When I was in kindergarten, a girl kissed me on the cheek. I can barely even remember it, but I must’ve done something fairly sweet that won her over. The entire fling was wrapped up in a child-like innocence, one that many teens and young adults would look at and chuckle. But I would argue that these same teens and adults could learn something from what took place on that playground. She was seven. She liked me. I liked her. And she didn’t need the approval of all of her closest girlfriends; she didn’t need to chat with me online first. She just acted bravely, and I think grown men, me included, could take notes from this unabashed seven year-old girl.
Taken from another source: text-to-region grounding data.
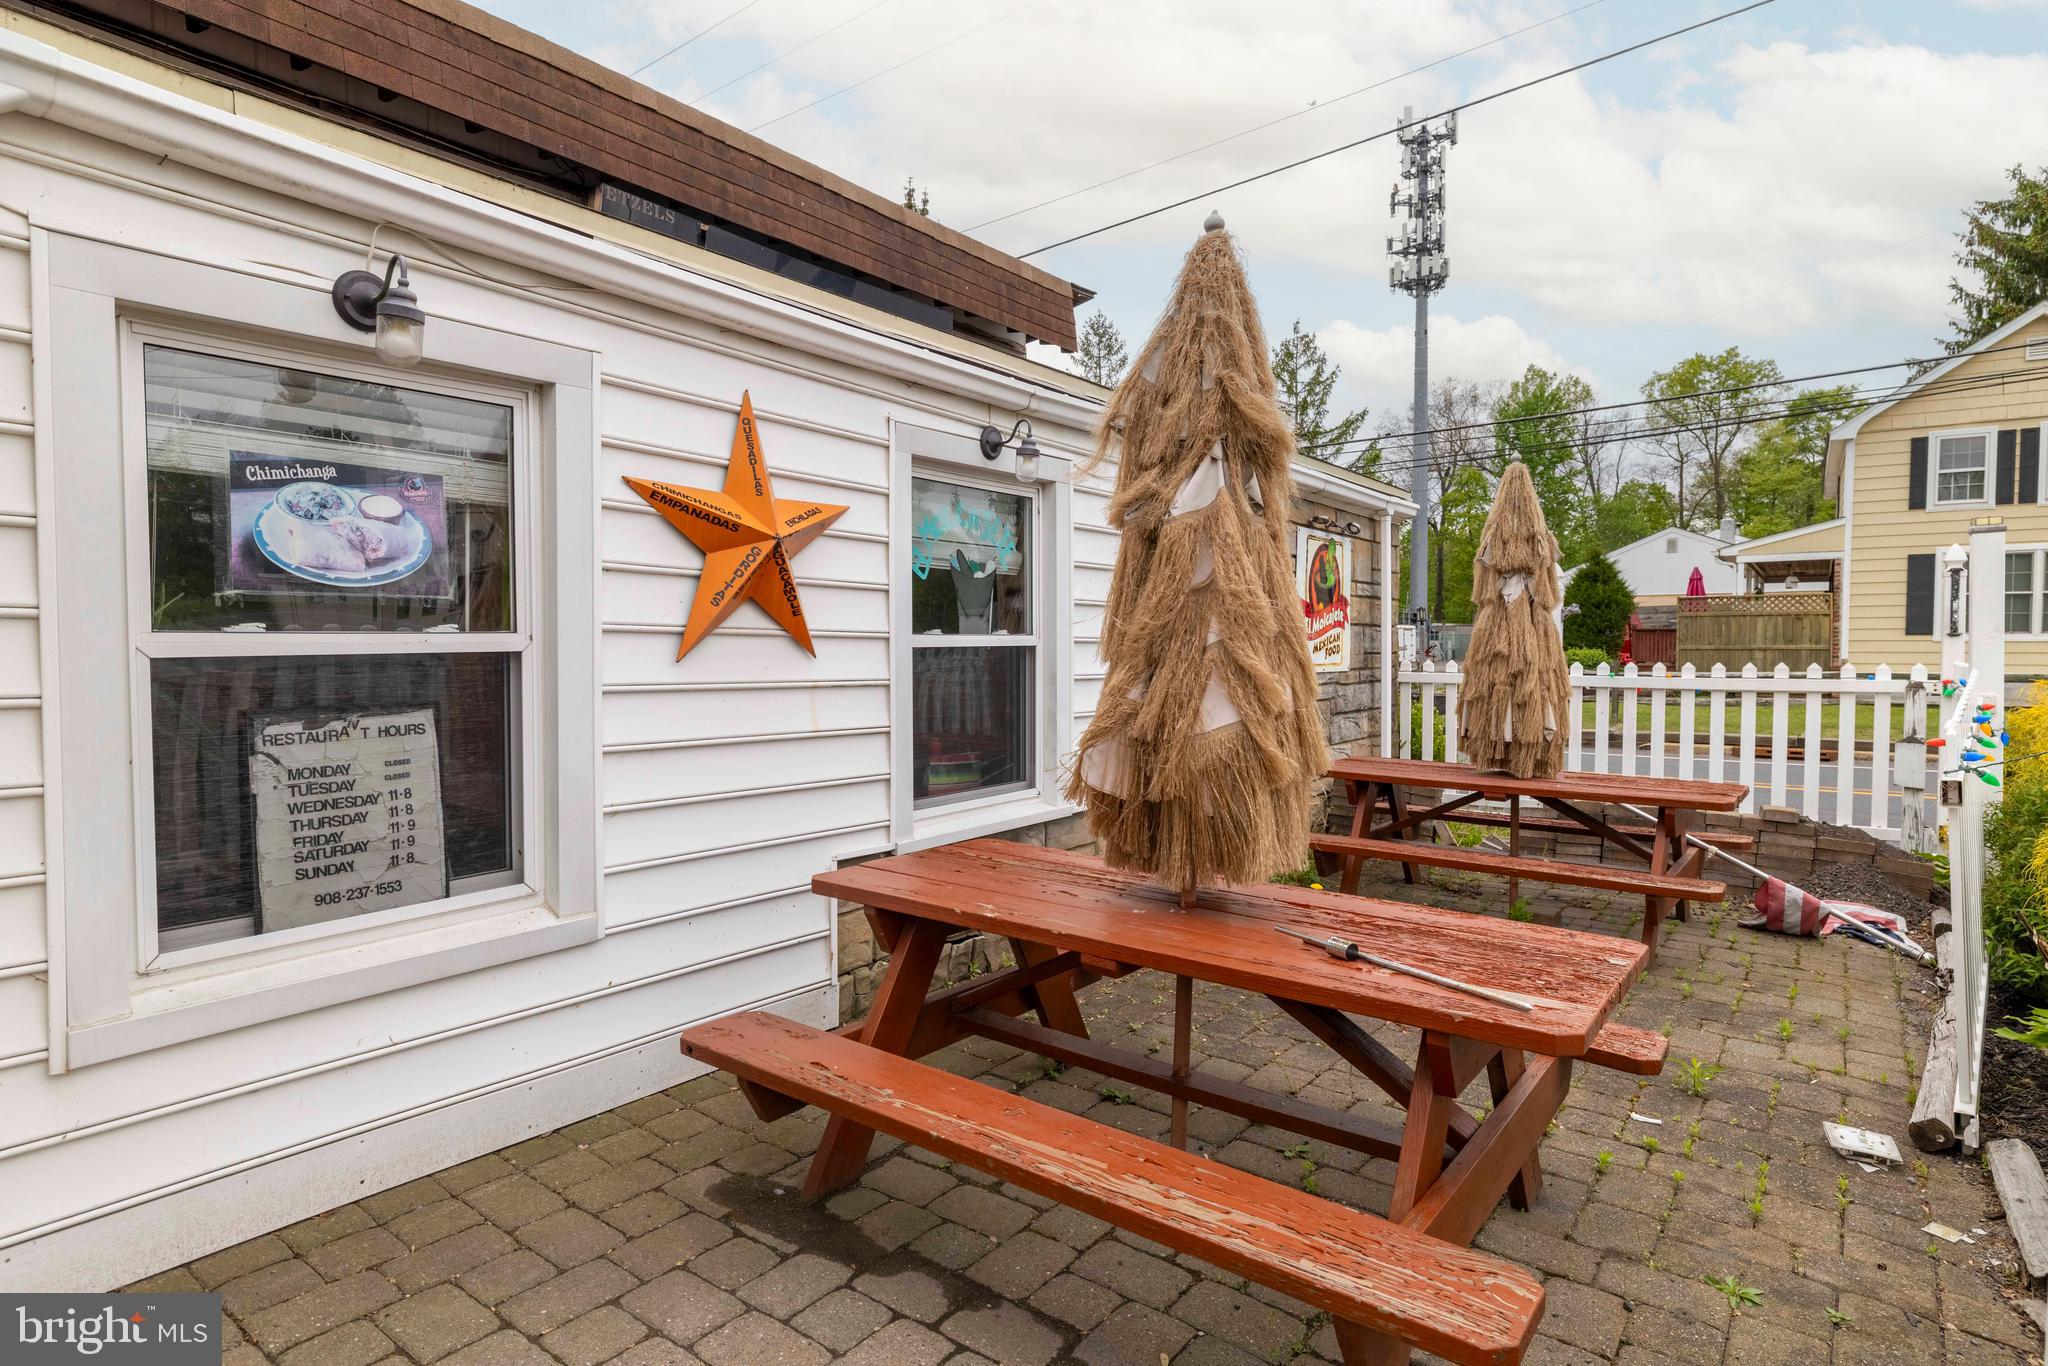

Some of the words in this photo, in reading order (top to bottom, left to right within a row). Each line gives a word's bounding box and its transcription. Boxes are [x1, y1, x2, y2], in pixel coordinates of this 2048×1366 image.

[741, 417, 764, 497] QUESADILAS
[246, 463, 338, 482] Chimichanga
[649, 489, 741, 533] EMPANADAS
[651, 481, 742, 520] CHIMICHANGAS
[785, 507, 822, 528] ENCHILADAS
[710, 545, 762, 608] GORDITAS
[1312, 631, 1341, 655] MEXICAN
[1324, 643, 1341, 660] FOOD
[378, 723, 426, 738] HOURS
[287, 764, 351, 781] MONDAY
[384, 758, 411, 767] CLOSED
[288, 779, 356, 797] TUESDAY
[384, 771, 411, 781] CLOSED
[287, 793, 380, 815] WEDNESDAY
[289, 811, 369, 832] THURSDAY
[293, 831, 344, 849] FRIDAY
[293, 840, 370, 864] SATURDAY
[295, 860, 355, 881] SUNDAY
Nothing about the way our fling played out would be protocol in today’s digitalized era. Along came computers, then the internet, then social media, and then we all put our guards up. Dating stayed fairly the same; the steps leading up to dating took a turn for the worse. I know “social” media has made us less social beings, and I don’t think anyone would argue that. I certainly use it. But there is a right and a wrong way to use social media to meet/talk to/observe women, and more often than not I think we men take the wrong way.
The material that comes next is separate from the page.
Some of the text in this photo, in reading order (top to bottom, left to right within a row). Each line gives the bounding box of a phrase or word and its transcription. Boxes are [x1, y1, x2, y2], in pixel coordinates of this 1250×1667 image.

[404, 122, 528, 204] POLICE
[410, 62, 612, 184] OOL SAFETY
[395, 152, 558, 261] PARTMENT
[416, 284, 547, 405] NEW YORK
The old method used to be this: meet a person, get to know them, then add them as a friend on Facebook or follow them on Twitter once you have become friends. Many people have put a negative spin on this, namely: see a girl in passing or come across a picture of her, add her on social media, talk to her ON SOCIAL MEDIA with “cute” messages, finally meet face-to-face. A very observant individual recognized this trend and created the monstrosity that is Tinder, in which you determine whether or not you might want to “chat” electronically with someone based solely off of their photos. I do not have the statistics, but the trend seems to be that more of the connections made on this app end up in one night stands and not dating. And please don’t think that I am against dating websites like Match, because I am not. Dating sites can be helpful for people in a rut, as long as they are honestly looking for a companion, someone they want to get to know better. If dating sites end in face-to-face contact, where people do fall in love with others due to their personalities, I think that’s a plus.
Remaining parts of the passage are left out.